Material to process —
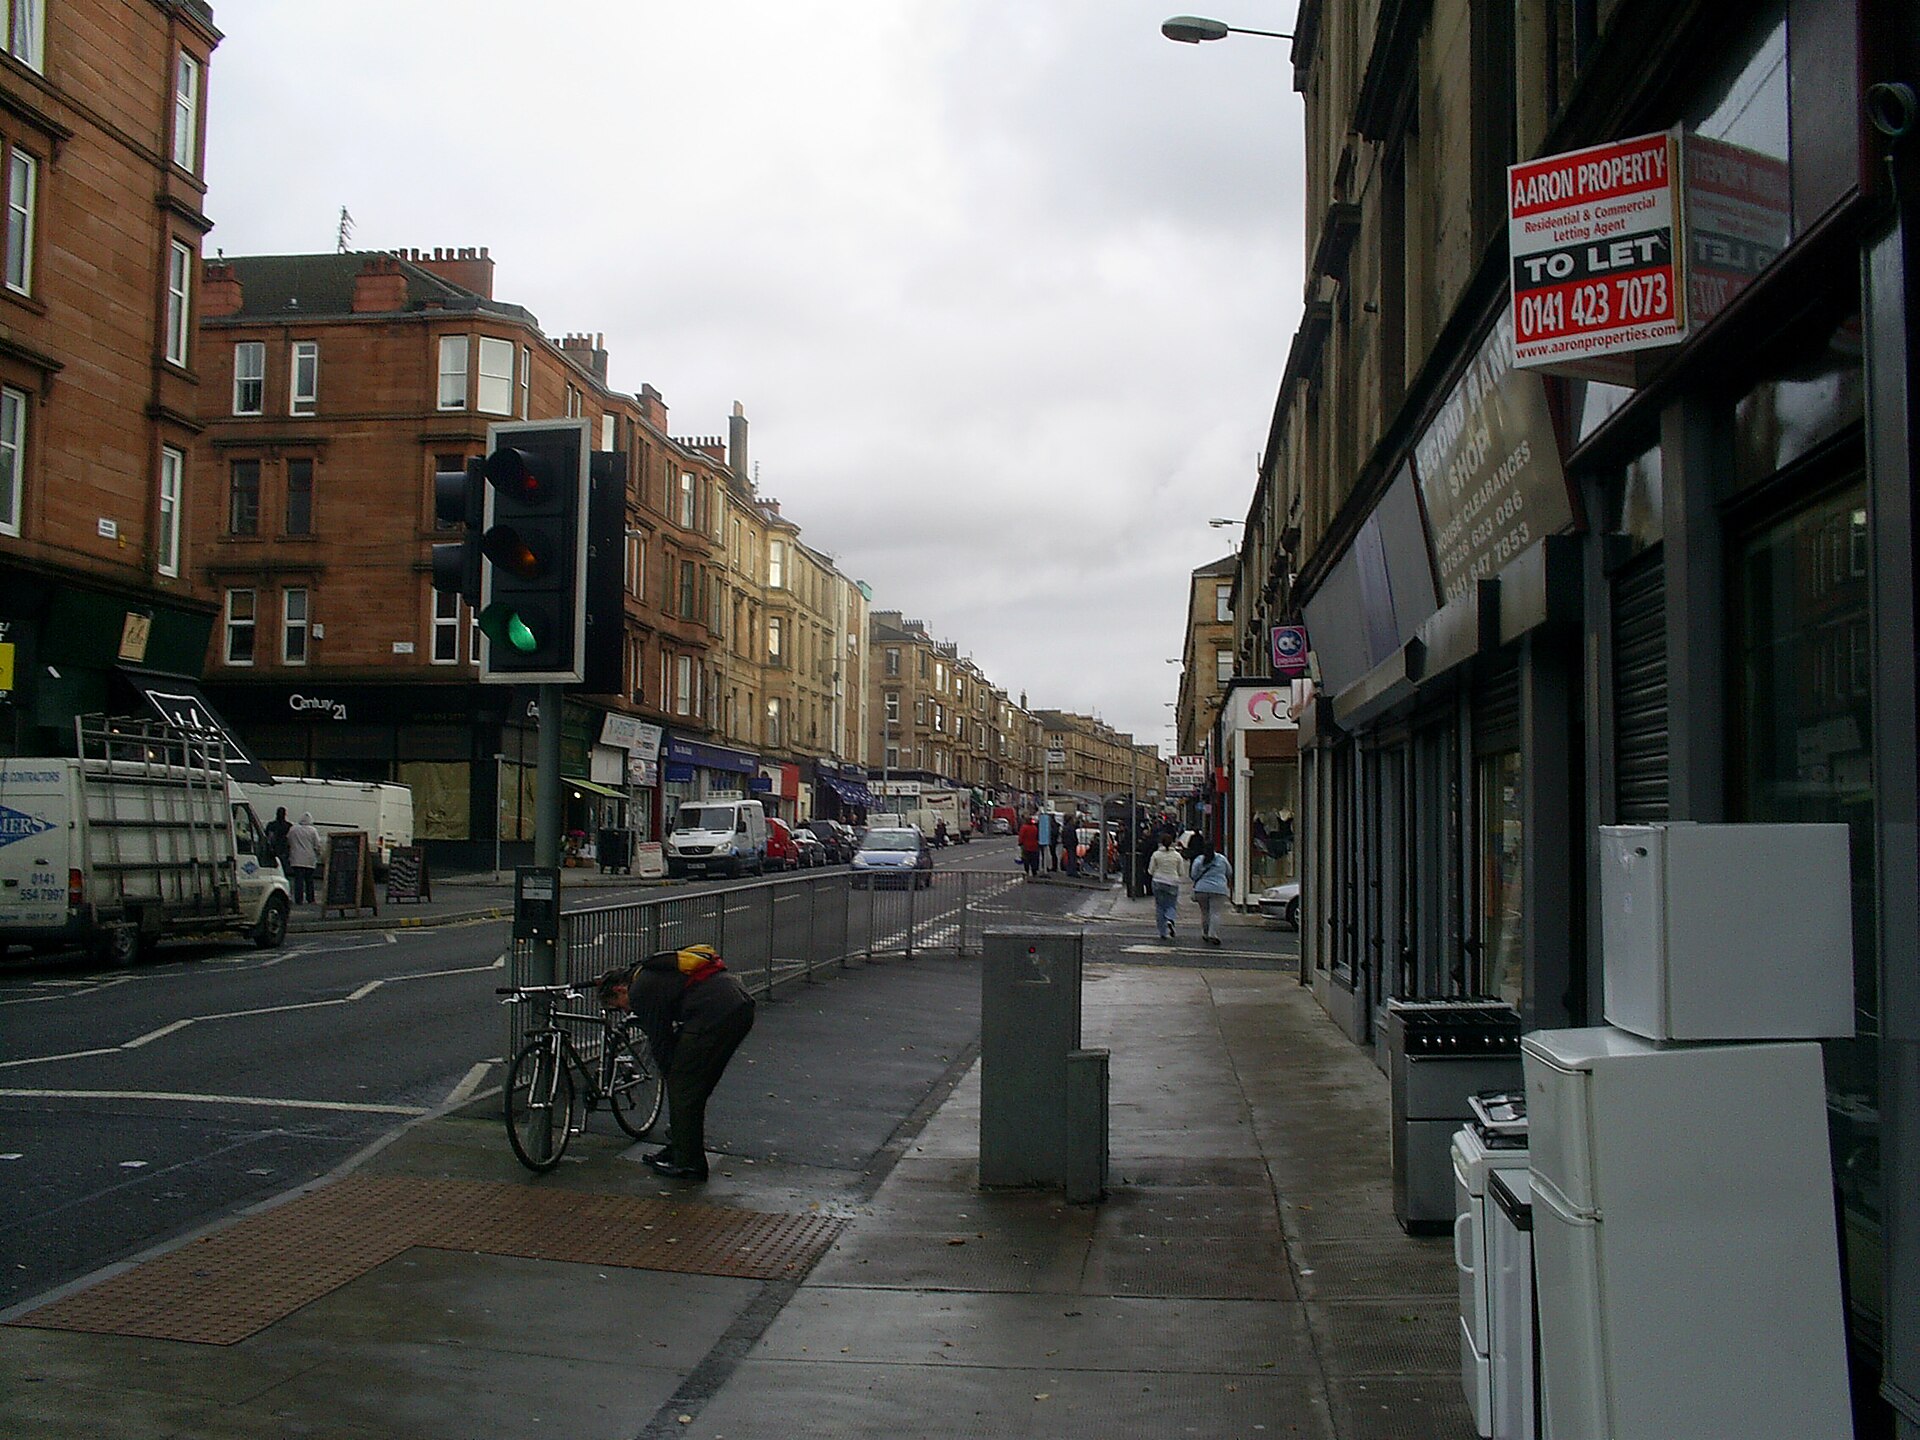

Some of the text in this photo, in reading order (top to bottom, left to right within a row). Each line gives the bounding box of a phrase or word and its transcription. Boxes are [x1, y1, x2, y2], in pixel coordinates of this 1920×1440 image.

[1513, 167, 1574, 209] AARON
[1577, 147, 1666, 195] PROPERTY
[1524, 195, 1656, 234] Residential & Commercial
[1553, 218, 1626, 242] Letting Agent
[1523, 235, 1659, 283] TO LET
[1520, 290, 1565, 337] 0141
[1571, 283, 1610, 327] 423
[1616, 272, 1668, 321] 7073
[1515, 324, 1676, 359] www.aaronproperties.com
[1449, 428, 1487, 498] SHOP
[1463, 440, 1531, 523] CLEARANCES
[1495, 490, 1524, 527] 086
[1493, 521, 1530, 562] 7853
[289, 694, 348, 720] Century 21
[1171, 756, 1205, 766] TO LET

Task item —
After dropping every picture, transcribe each entry exactly.

Written response —
Some of the text in this photo, in reading order (top to bottom, left to right within a row). Each line gives the bounding box of a phrase or word and its transcription. Boxes are [x1, y1, x2, y2], in pixel coordinates of this 1920×1440 image.

[1513, 167, 1574, 209] AARON
[1577, 147, 1666, 195] PROPERTY
[1524, 195, 1656, 234] Residential & Commercial
[1553, 218, 1626, 242] Letting Agent
[1523, 235, 1659, 283] TO LET
[1520, 290, 1565, 337] 0141
[1571, 283, 1610, 327] 423
[1616, 272, 1668, 321] 7073
[1515, 324, 1676, 359] www.aaronproperties.com
[1449, 428, 1487, 498] SHOP
[1463, 440, 1531, 523] CLEARANCES
[1495, 490, 1524, 527] 086
[1493, 521, 1530, 562] 7853
[289, 694, 348, 720] Century 21
[1171, 756, 1205, 766] TO LET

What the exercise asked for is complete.